§ **Data section**
:::

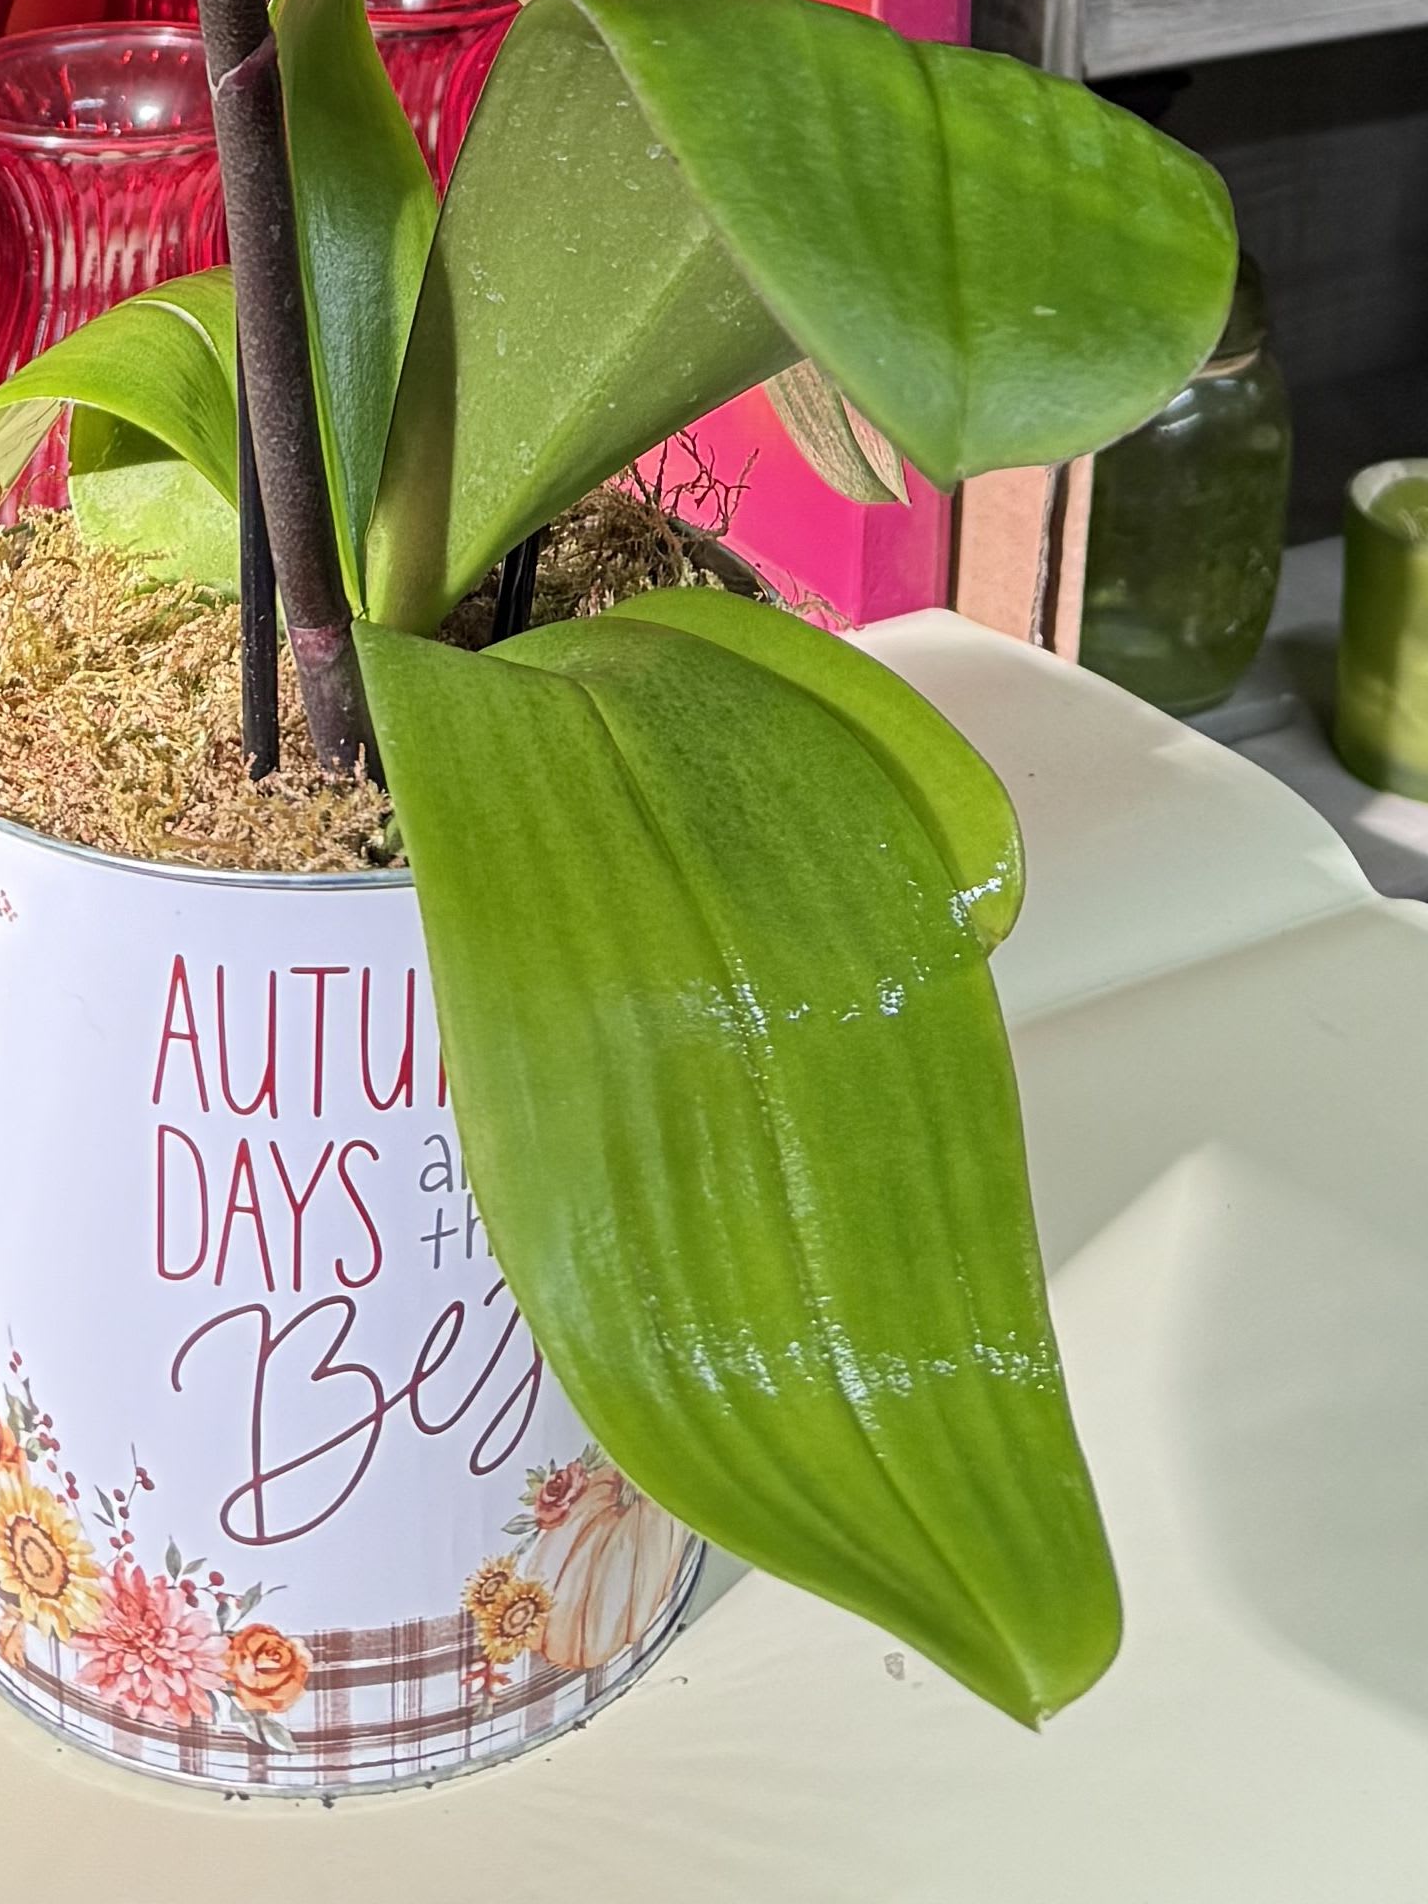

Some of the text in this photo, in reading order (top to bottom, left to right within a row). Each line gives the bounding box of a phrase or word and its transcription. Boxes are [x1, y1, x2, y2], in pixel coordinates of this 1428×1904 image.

[152, 953, 448, 1119] AUTU
[157, 1124, 383, 1293] DAYS
[420, 1193, 494, 1270] th
[171, 1278, 544, 1547] Bes

:::

§ **Task brief**
Retype all of the entries exactly as written, leaving out any images.

§ **Solution to this exercise**
Some of the text in this photo, in reading order (top to bottom, left to right within a row). Each line gives the bounding box of a phrase or word and its transcription. Boxes are [x1, y1, x2, y2], in pixel coordinates of this 1428×1904 image.

[152, 953, 448, 1119] AUTU
[157, 1124, 383, 1293] DAYS
[420, 1193, 494, 1270] th
[171, 1278, 544, 1547] Bes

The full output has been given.